How to transcribe a focus group

A working guide for qualitative and UX researchers running group sessions – how to get accurate, attributable, coding-ready transcripts from a room full of voices.

The short answer

To transcribe a focus group, record so each voice stays separable, then upload the file for a speaker-labeled, timestamped draft. Expect to fix more speaker turns by hand than in a one-on-one interview, because overlap and 6 to 10 voices push automatic labeling to its limit. Clean only the passages you'll code or quote, and anonymize names in the transcript itself.

Why a focus group is the hardest recording to transcribe

A focus group is the worst case for automatic speaker labeling. On clean one- or two-person audio, diarization error stays below 10%; on overlap-heavy, many-speaker recordings it runs 35-45% (Ryant et al., DIHARD III, 2021). More voices and more crosstalk mean more turns you'll fix by hand.

A typical group runs 6 to 10 participants (J-PAL, MIT), plus a moderator, all in one room. People finish each other's sentences, laugh over answers, and interrupt. That's exactly the signal that pushes a diarization model off track, because it has to guess who's speaking during every overlap.

The task underneath a good transcript is diarization: labeling who spoke each turn. It's reliable when voices are distinct and rarely collide. In a group of eight, the model still gives you a strong first draft. But the overlaps and the two soft-spoken participants at the far end of the table are where you'll spend your cleanup time.

How do you record so the voices stay separable?

Separation at the microphone is what saves you hours later. The model can only distinguish voices it can actually hear apart. Put a boundary or PZM mic in the center of the table for the group, and give the moderator a separate mic or channel, so the person steering the discussion is always cleanly captured.

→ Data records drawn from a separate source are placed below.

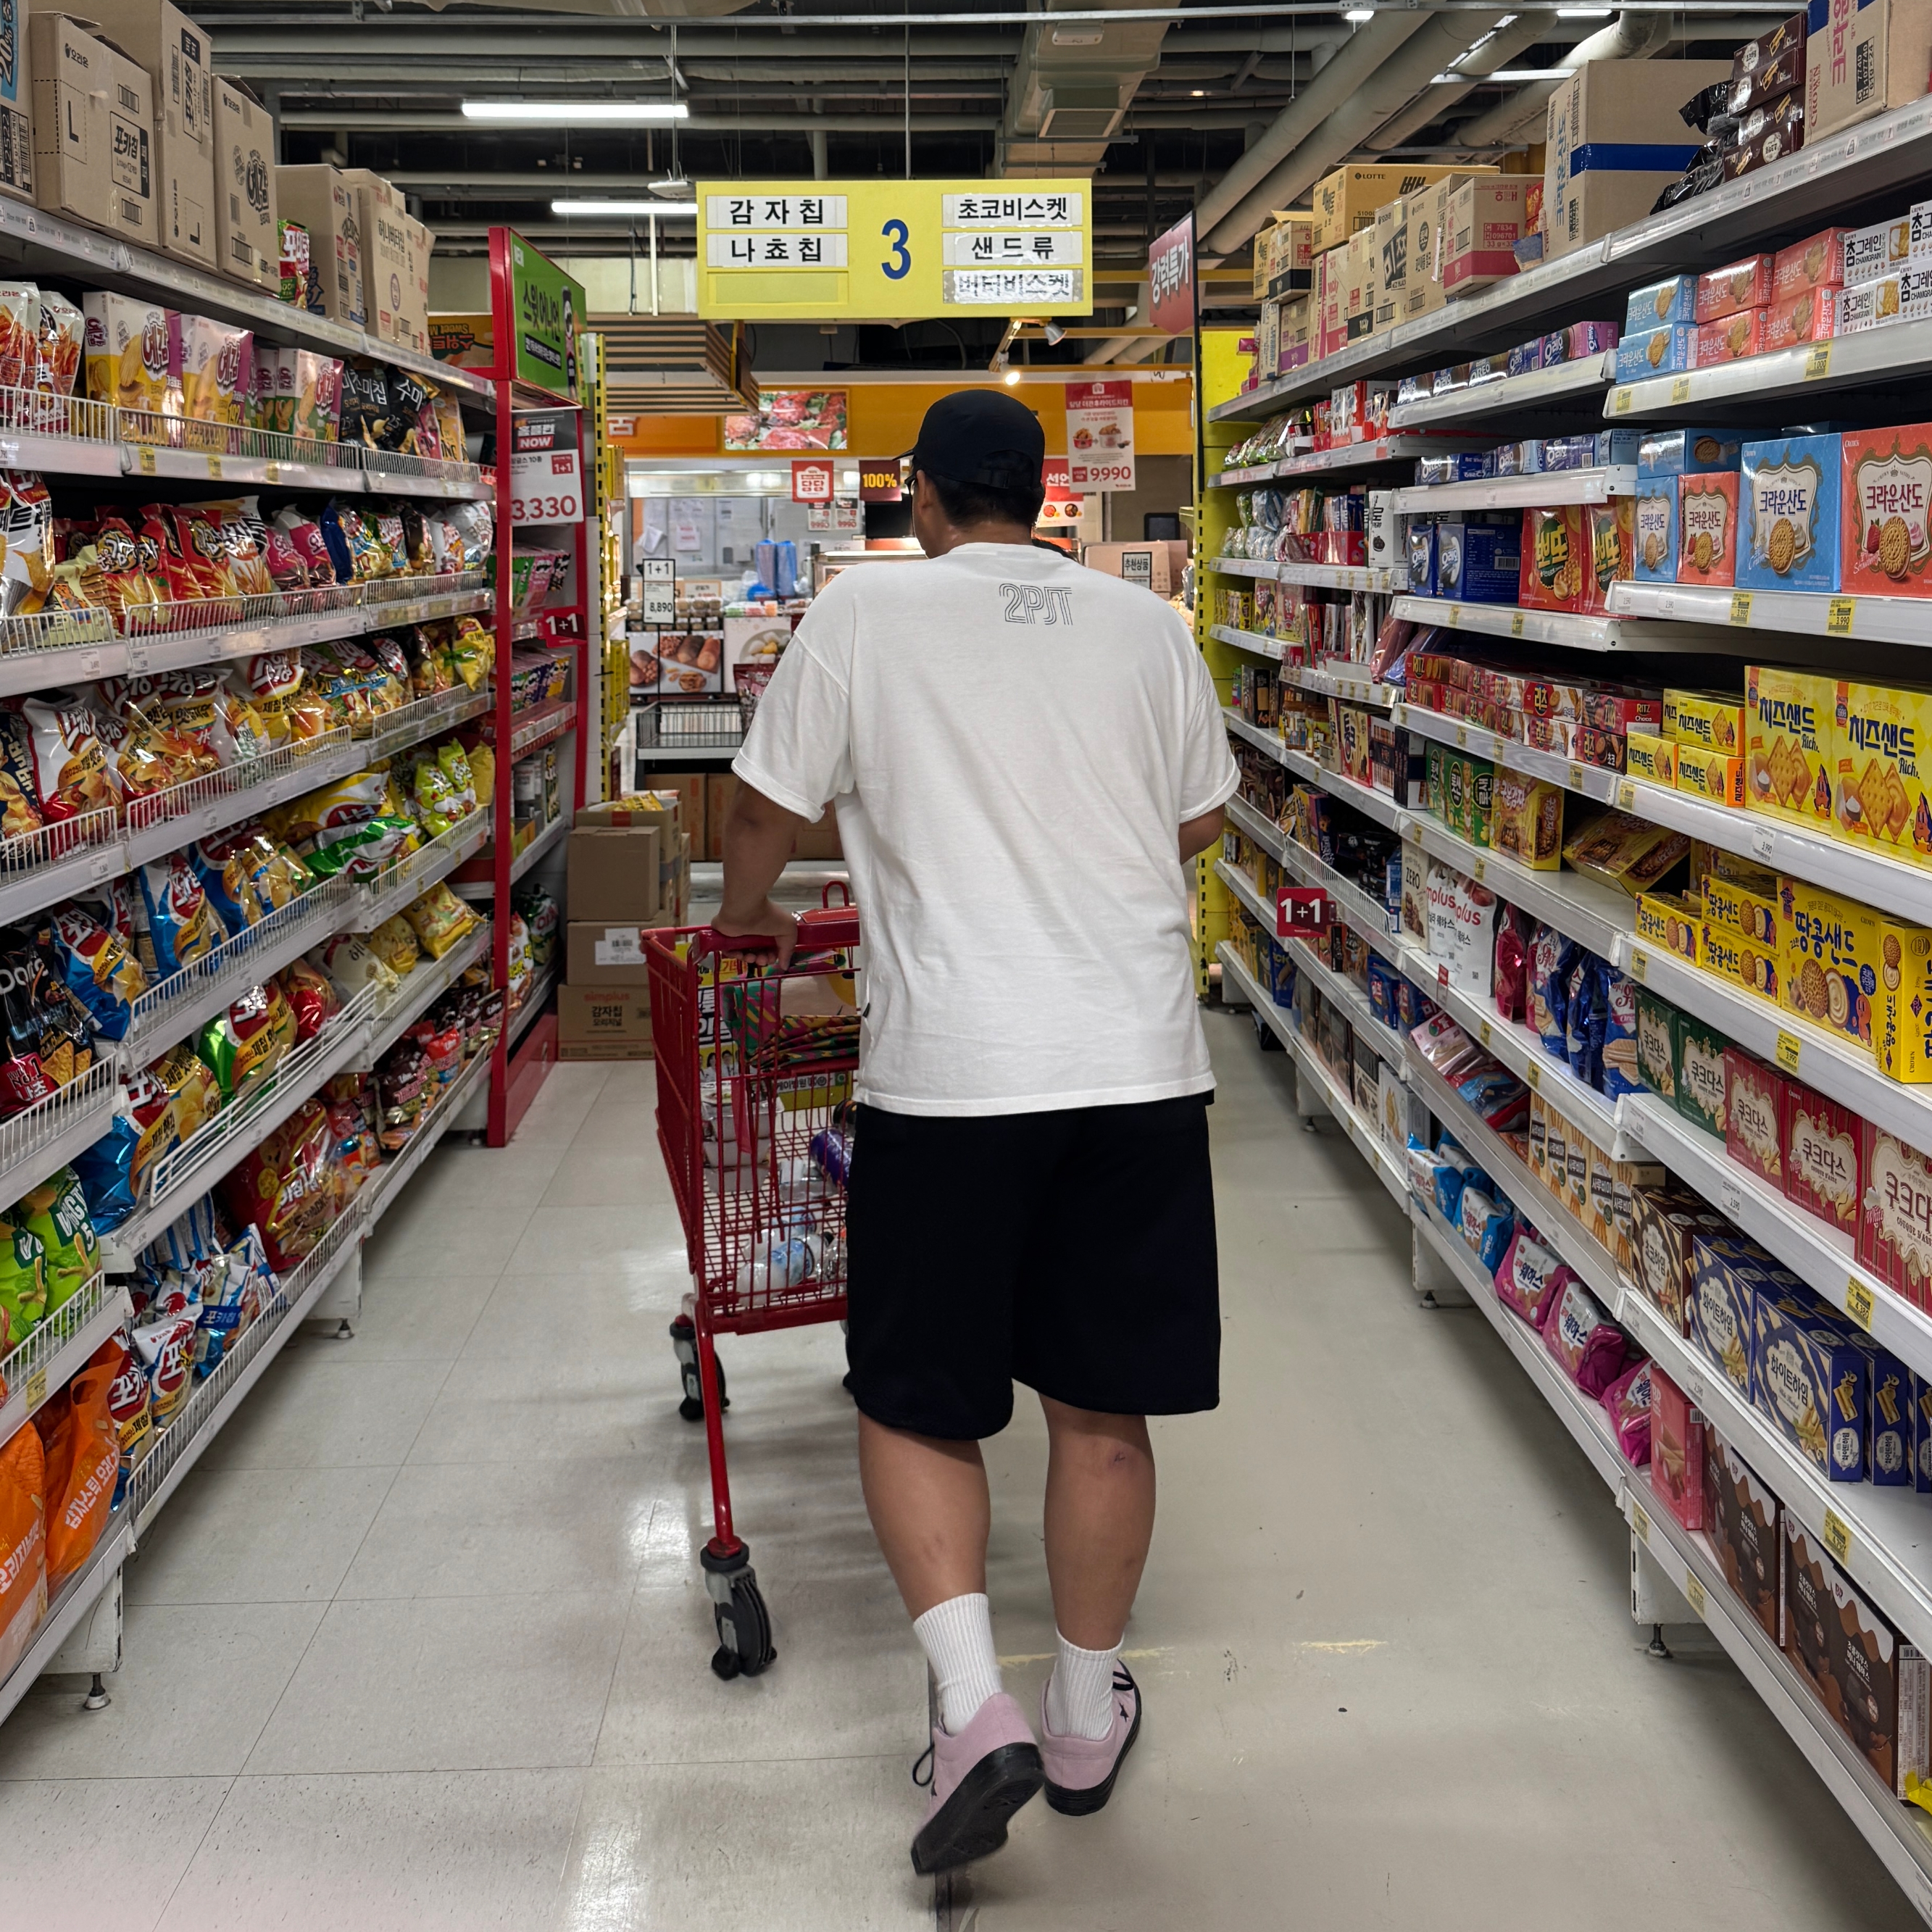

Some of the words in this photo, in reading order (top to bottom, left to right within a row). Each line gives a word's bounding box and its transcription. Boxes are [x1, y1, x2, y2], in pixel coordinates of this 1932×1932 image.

[70, 49, 89, 69] 오리온
[1811, 66, 1820, 128] CROWN
[114, 125, 138, 159] 포카칩
[958, 198, 1067, 221] 초코비스켓
[378, 218, 404, 254] 허니버터칩
[880, 219, 912, 280] 3
[1846, 234, 1881, 267] 참그레인
[1151, 231, 1189, 304] 강력특가
[1774, 261, 1802, 286] 크라운산도
[1699, 283, 1727, 306] 크라운산도
[1844, 291, 1870, 323] 참그레인
[1544, 336, 1563, 365] 오레오
[1617, 348, 1644, 368] 크라운산도
[1470, 363, 1491, 380] OREO
[520, 437, 551, 448] NOW
[554, 464, 571, 472] 1+1
[1546, 445, 1567, 467] 오레오
[863, 472, 897, 488] 100%
[1091, 467, 1131, 482] 9,990
[512, 496, 576, 522] 3,330
[1760, 488, 1807, 517] 크라운산도
[1866, 483, 1924, 512] 크라운산도
[1639, 513, 1665, 530] 크라운산도
[1688, 510, 1722, 530] 크라운산도
[1125, 558, 1149, 571] 추천상품
[649, 602, 673, 613] 8,890
[546, 614, 578, 635] 1+1
[1413, 656, 1425, 673] RITZ
[1534, 686, 1548, 711] 리츠
[1636, 704, 1650, 714] RITZ
[1678, 714, 1711, 735] 치즈샌드
[1758, 696, 1816, 735] 치즈샌드
[1848, 714, 1916, 759] 치즈샌드
[1628, 746, 1654, 767] 치즈샌드
[1679, 760, 1706, 783] 치즈샌드
[1405, 867, 1421, 890] ZERO
[1280, 898, 1321, 924] 1+1
[1708, 894, 1739, 925] 땅콩샌드
[1860, 916, 1875, 928] CROWN
[1639, 909, 1666, 939] 땅콩샌드
[1795, 911, 1857, 968] 땅콩샌드
[1708, 941, 1739, 974] 땅콩샌드
[592, 1005, 623, 1017] 감자칩
[1886, 994, 1896, 1046] 땅콩샌드
[1644, 1029, 1667, 1061] 쿠크다스
[1691, 1060, 1725, 1094] 쿠크다스
[1739, 1097, 1769, 1138] 쿠크다스
[1802, 1137, 1847, 1179] 쿠크다스
[1592, 1178, 1612, 1194] 사루비아
[1644, 1238, 1667, 1276] 초코하임
[1518, 1262, 1544, 1291] 웨하스
[1702, 1291, 1733, 1336] 화이트하임
[1562, 1315, 1589, 1345] 웨하스
[1770, 1354, 1809, 1406] 화이트하임

Kill the room's noise before you record. Turn off HVAC, close windows onto traffic, and move away from the buzzing mini-fridge. A round table beats a long boardroom slab, because everyone sits roughly equidistant from the center mic instead of trailing off at the ends.

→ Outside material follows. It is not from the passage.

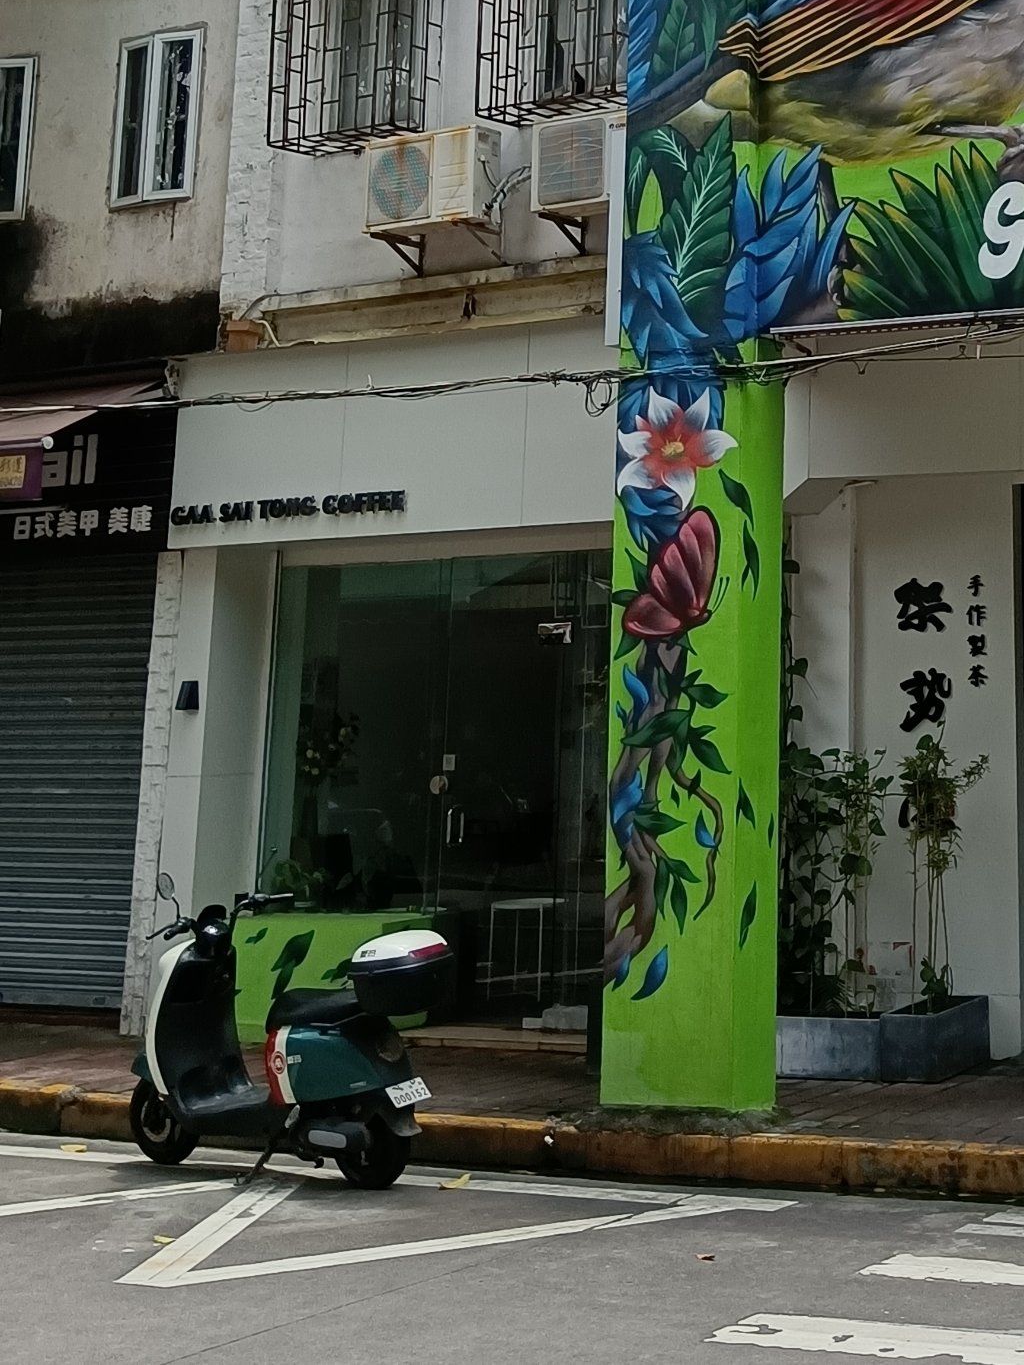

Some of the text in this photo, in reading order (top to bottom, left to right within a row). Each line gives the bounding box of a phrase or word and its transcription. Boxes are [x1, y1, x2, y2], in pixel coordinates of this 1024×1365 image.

[219, 501, 254, 523] SAI
[258, 496, 320, 522] TONG
[322, 490, 406, 516] COFFEE
[13, 509, 99, 540] 日式美甲

Open with a name round. Have each participant say their first name, or an assigned ID, in turn before the discussion starts. It anchors who 'Speaker 3' is, timestamps the moment for later, and gives you a clean voice sample of every person to match against.

How to transcribe a focus group into a clean draft

Typing a group discussion by hand is brutal: a single audio hour can take up to six hours of manual transcription (Haberl et al., 2023, citing Bell et al. 2018), and a 90-minute session is a full day gone. An AI first pass turns that into minutes of processing plus targeted cleanup.

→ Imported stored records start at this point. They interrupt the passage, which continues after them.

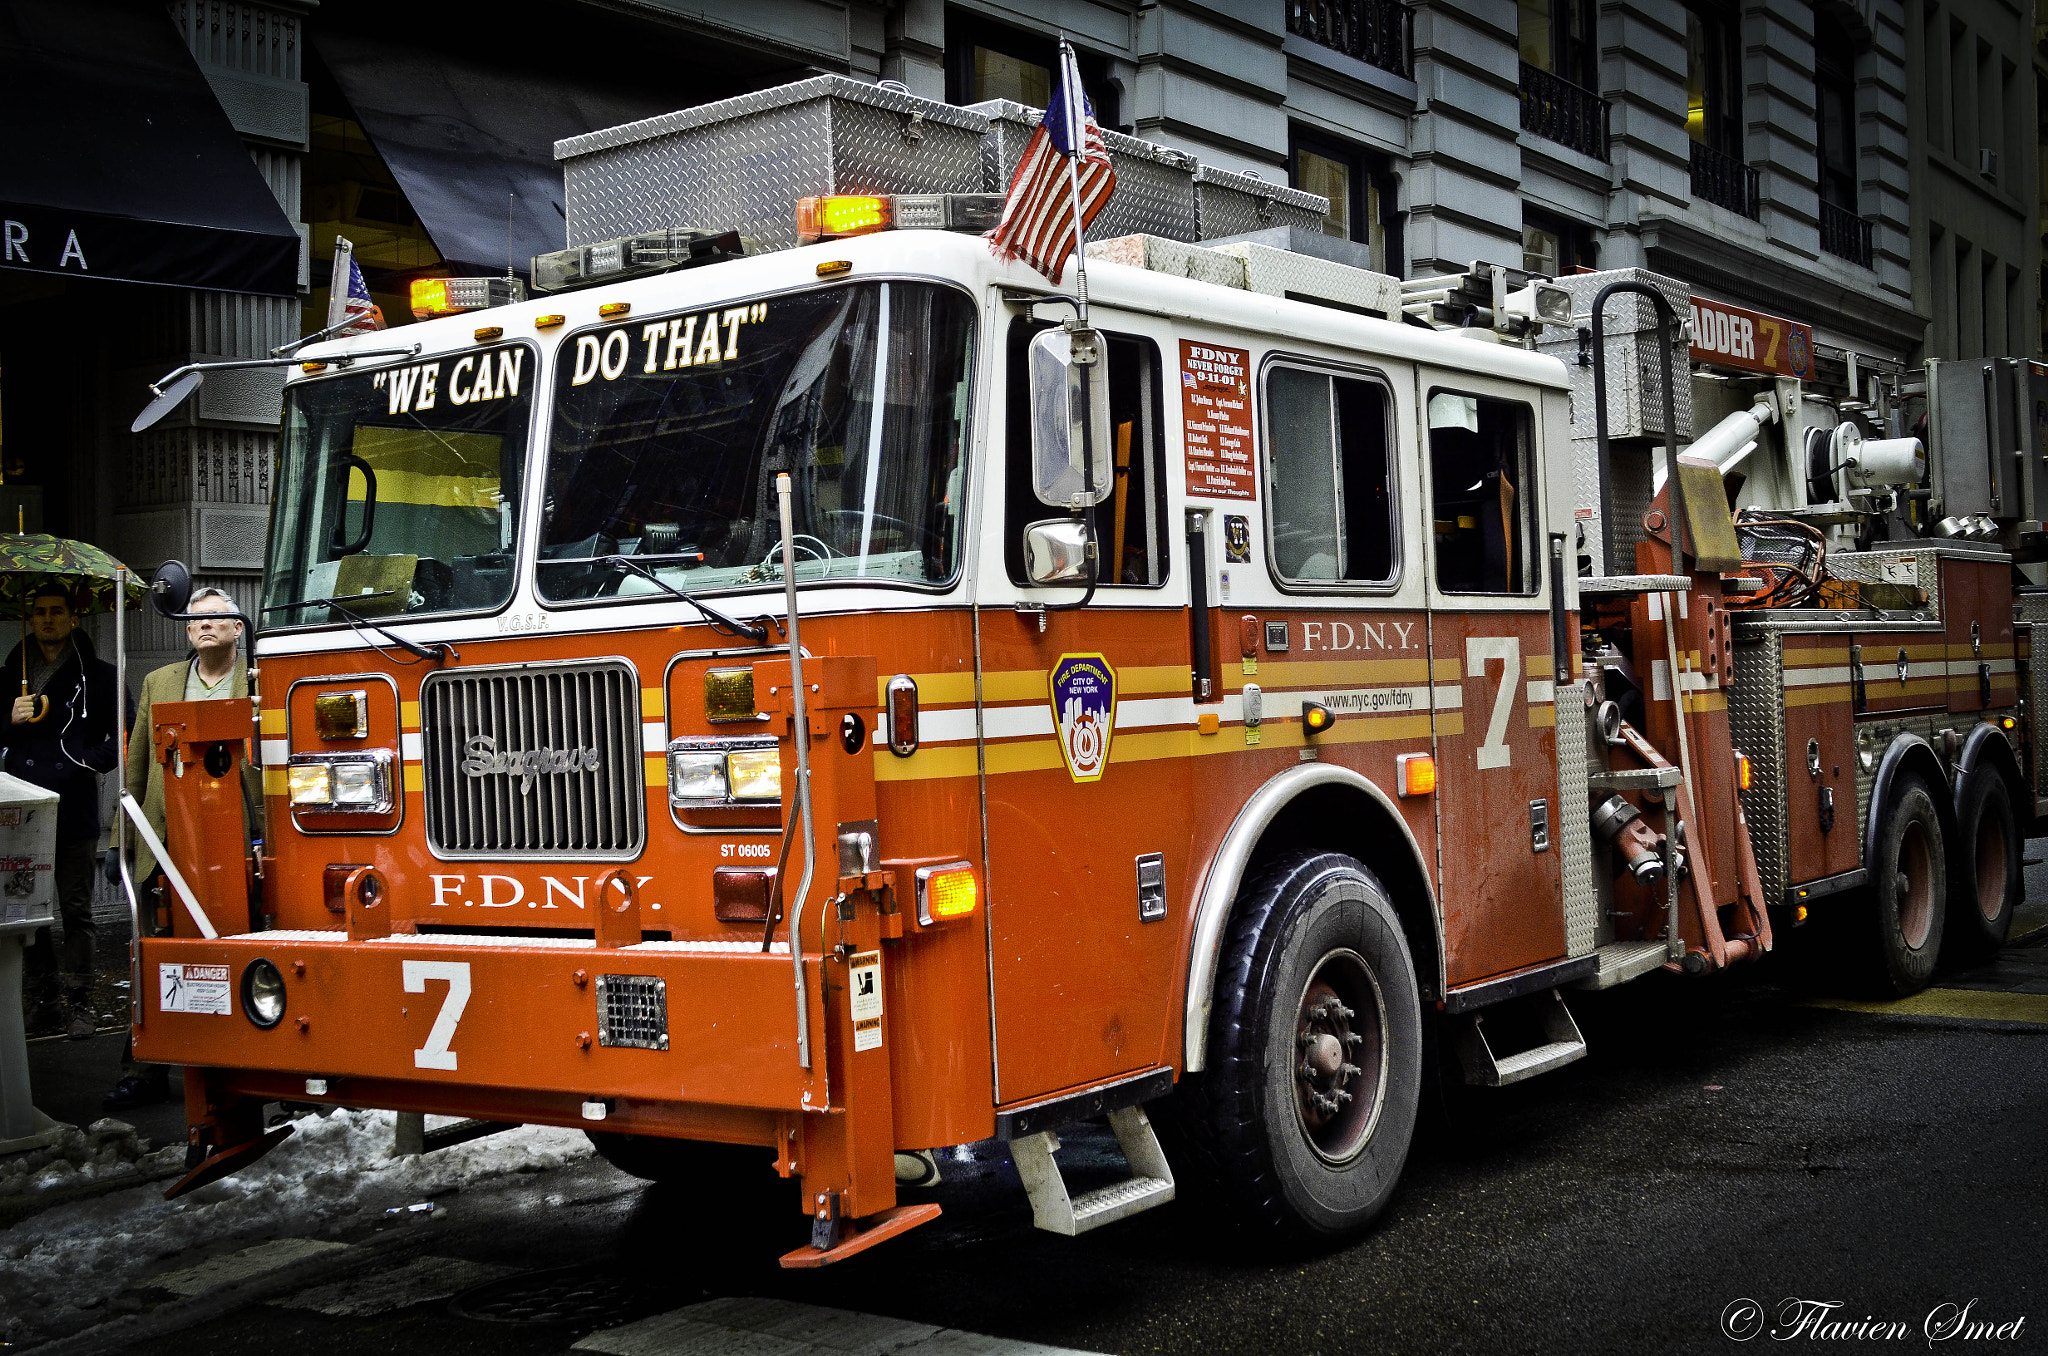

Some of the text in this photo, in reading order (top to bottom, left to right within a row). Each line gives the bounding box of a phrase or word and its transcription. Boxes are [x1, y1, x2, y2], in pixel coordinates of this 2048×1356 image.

[1759, 318, 1781, 369] 7
[373, 302, 768, 415] "WE CAN DO THAT"
[1190, 346, 1240, 365] FDNY
[1187, 358, 1244, 377] NEVER FORGET
[1196, 371, 1236, 386] 9-11-01
[1192, 485, 1212, 493] Forever
[1227, 488, 1250, 497] Thoughts
[497, 613, 550, 632] V.G.S.F.
[1301, 622, 1420, 651] F.D.N.Y.
[1057, 663, 1109, 687] FIRE DEPARTMENT
[1323, 688, 1413, 711] www.nyc.gov/fdny
[1465, 636, 1521, 770] 7
[461, 734, 600, 796] Seagrave
[720, 843, 771, 858] ST 06005
[428, 874, 662, 910] F.D.N.
[854, 955, 879, 967] WARNING
[194, 967, 227, 980] DANGER
[402, 959, 472, 1071] 7
[859, 1017, 880, 1029] WARNING

Upload the recording to get a multi-speaker, timestamped draft with each turn attributed. Read it against the audio and fix the predictable failure points first: the moderator's questions mislabeled as a participant, two people talking at once, and the quiet voices the mic barely caught.

Correct the speaker labels in the transcript as you go, and mark true overlap with a bracket, [crosstalk], rather than forcing a guess. A group draft will never be turn-perfect out of the box. Your job is to fix attribution wherever a quote or a coded segment depends on knowing exactly who said it.

What should you keep: verbatim, clean, or coding-ready?

Decide your transcription style before you edit, because in qualitative work the choice between naturalized and denaturalized transcription shapes the analysis (Oliver, Serovich & Mason, 2005), not just readability. Naturalized keeps every utterance in detail; denaturalized corrects grammar and strips interview noise.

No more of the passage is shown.